Output all the entries word for word. Omit the pictures.

BEGIN Record set

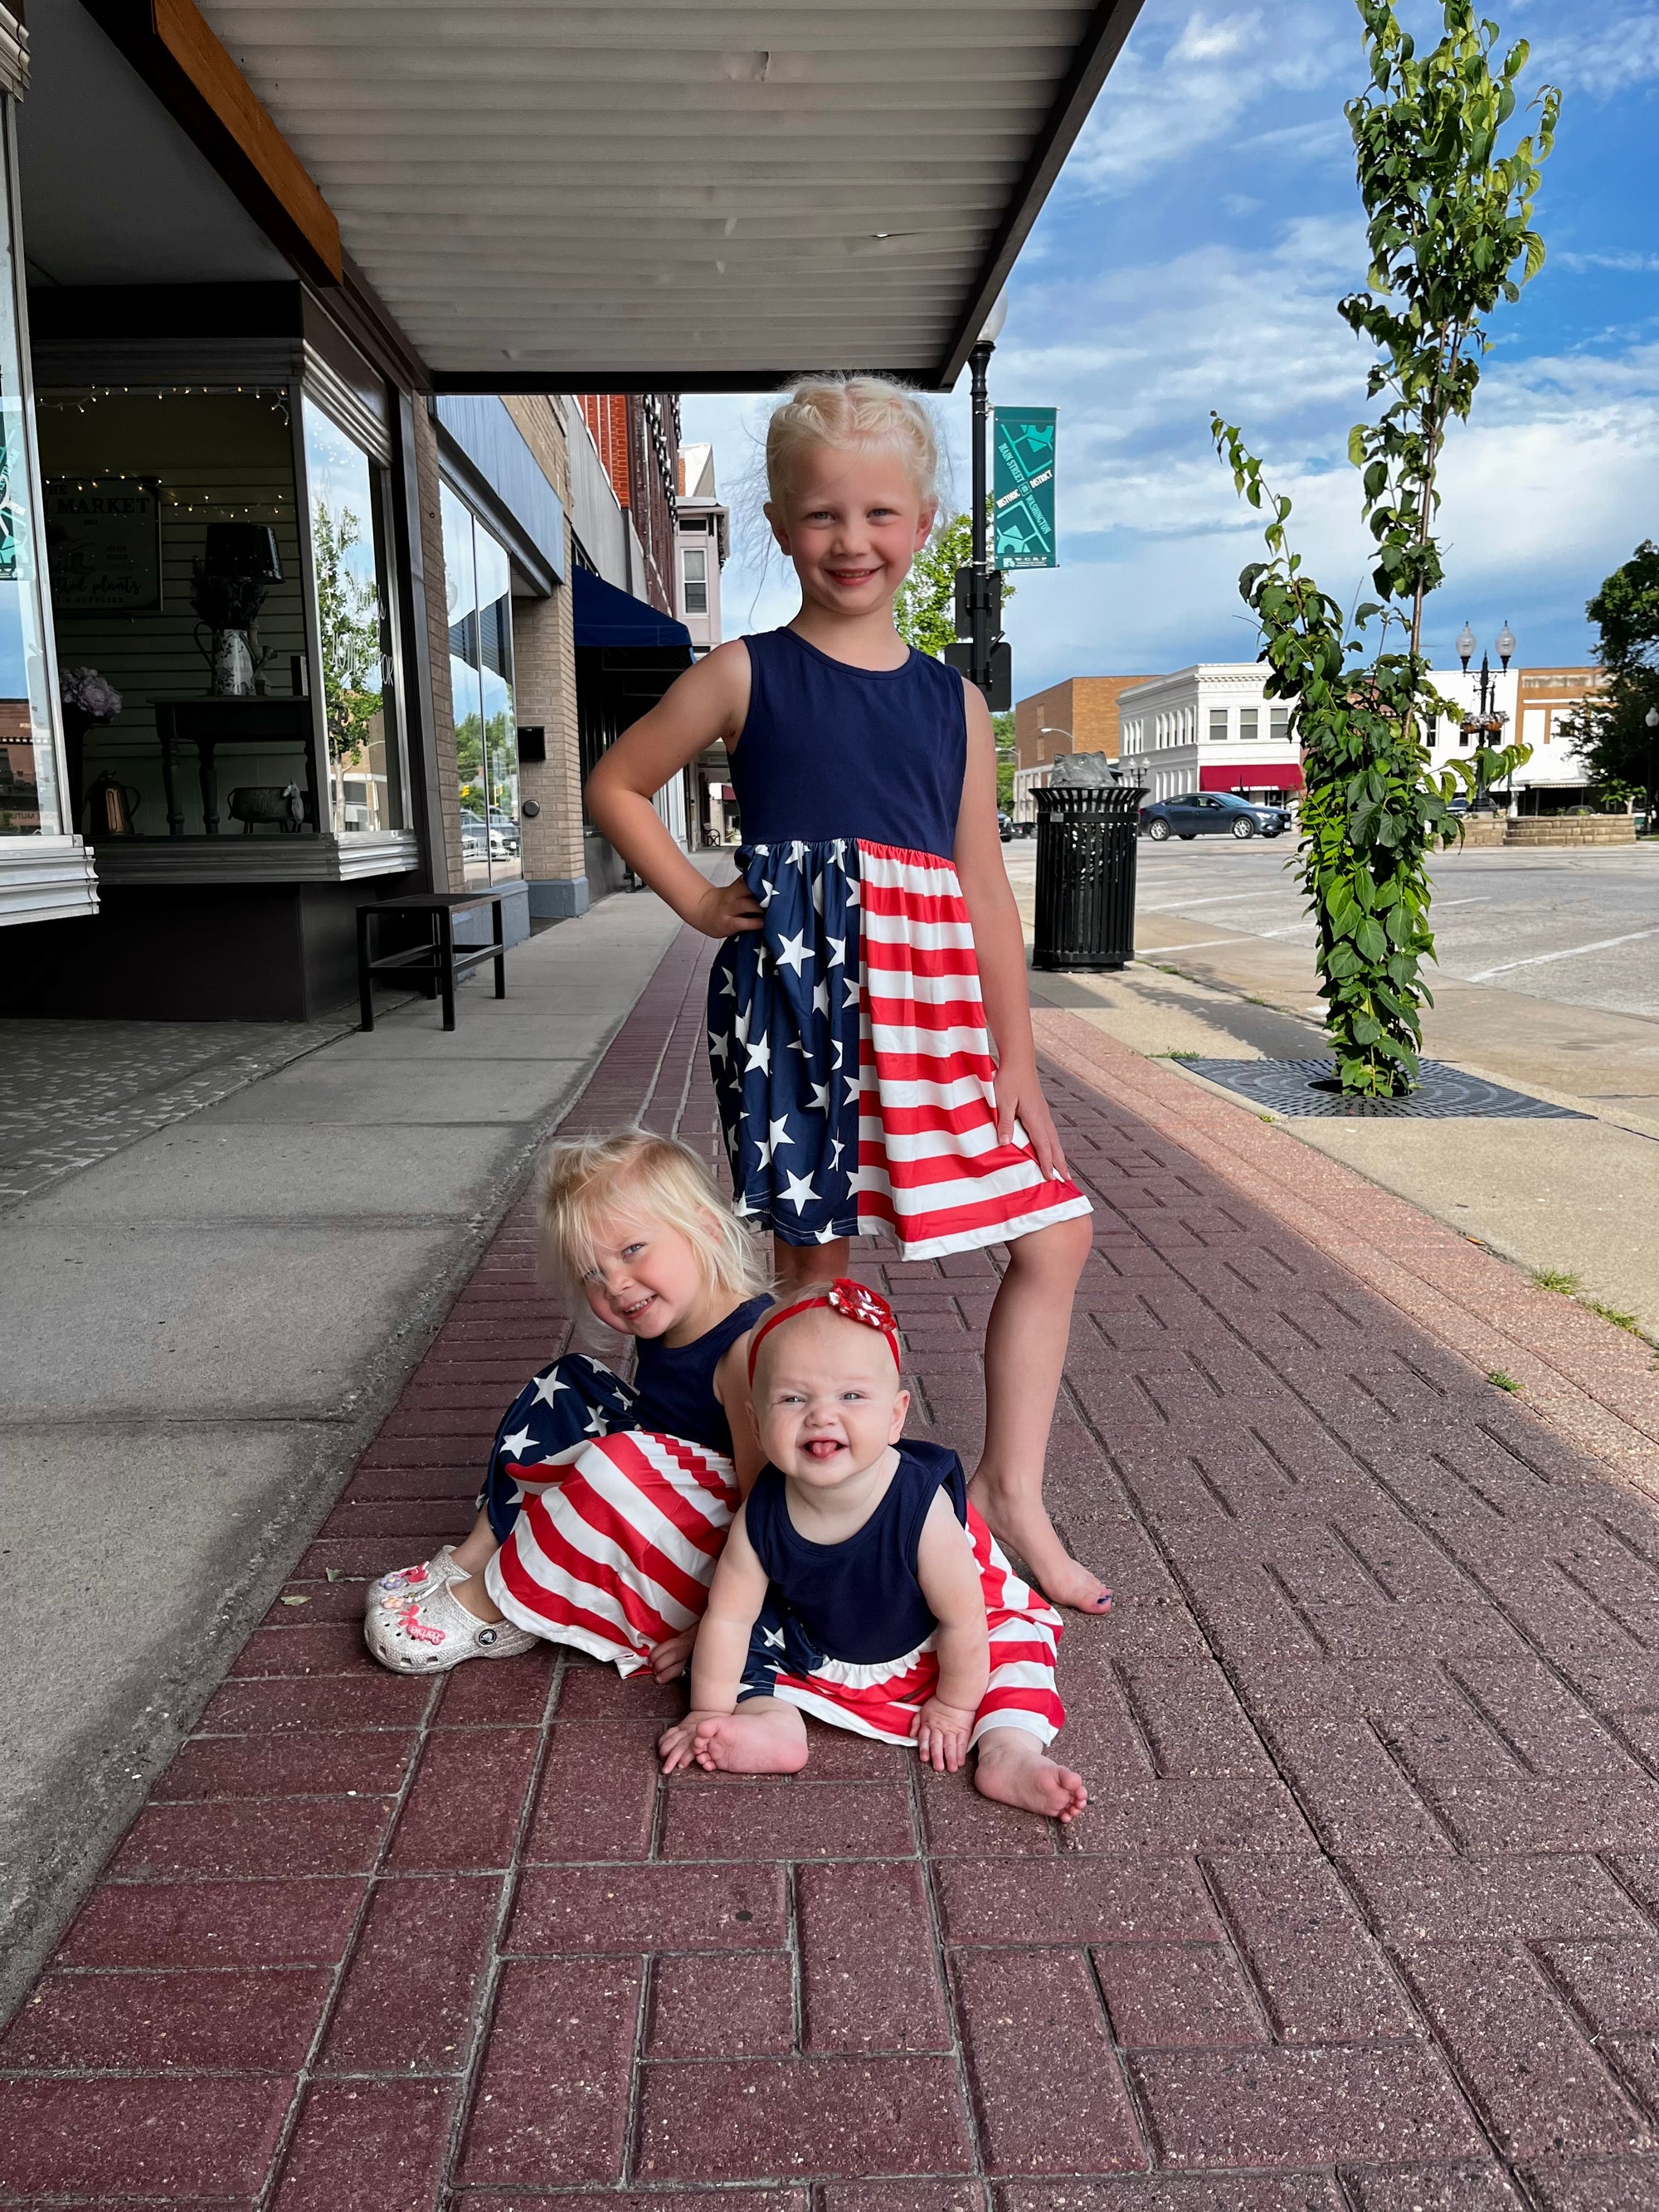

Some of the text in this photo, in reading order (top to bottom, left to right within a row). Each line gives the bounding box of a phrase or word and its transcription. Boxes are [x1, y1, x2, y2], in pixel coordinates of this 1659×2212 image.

[995, 489, 1020, 508] HISTORIC
[1029, 469, 1053, 489] DISTRICT
[998, 443, 1014, 461] MAIN
[1006, 459, 1025, 483] STREET
[1025, 494, 1052, 535] WASHINGTON
[56, 497, 150, 514] MARKET
[92, 575, 142, 596] plants
[410, 1626, 444, 1644] Barbie

END Record set

=== Task answer ===
Some of the text in this photo, in reading order (top to bottom, left to right within a row). Each line gives the bounding box of a phrase or word and its transcription. Boxes are [x1, y1, x2, y2], in pixel coordinates of this 1659×2212 image.

[995, 489, 1020, 508] HISTORIC
[1029, 469, 1053, 489] DISTRICT
[998, 443, 1014, 461] MAIN
[1006, 459, 1025, 483] STREET
[1025, 494, 1052, 535] WASHINGTON
[56, 497, 150, 514] MARKET
[92, 575, 142, 596] plants
[410, 1626, 444, 1644] Barbie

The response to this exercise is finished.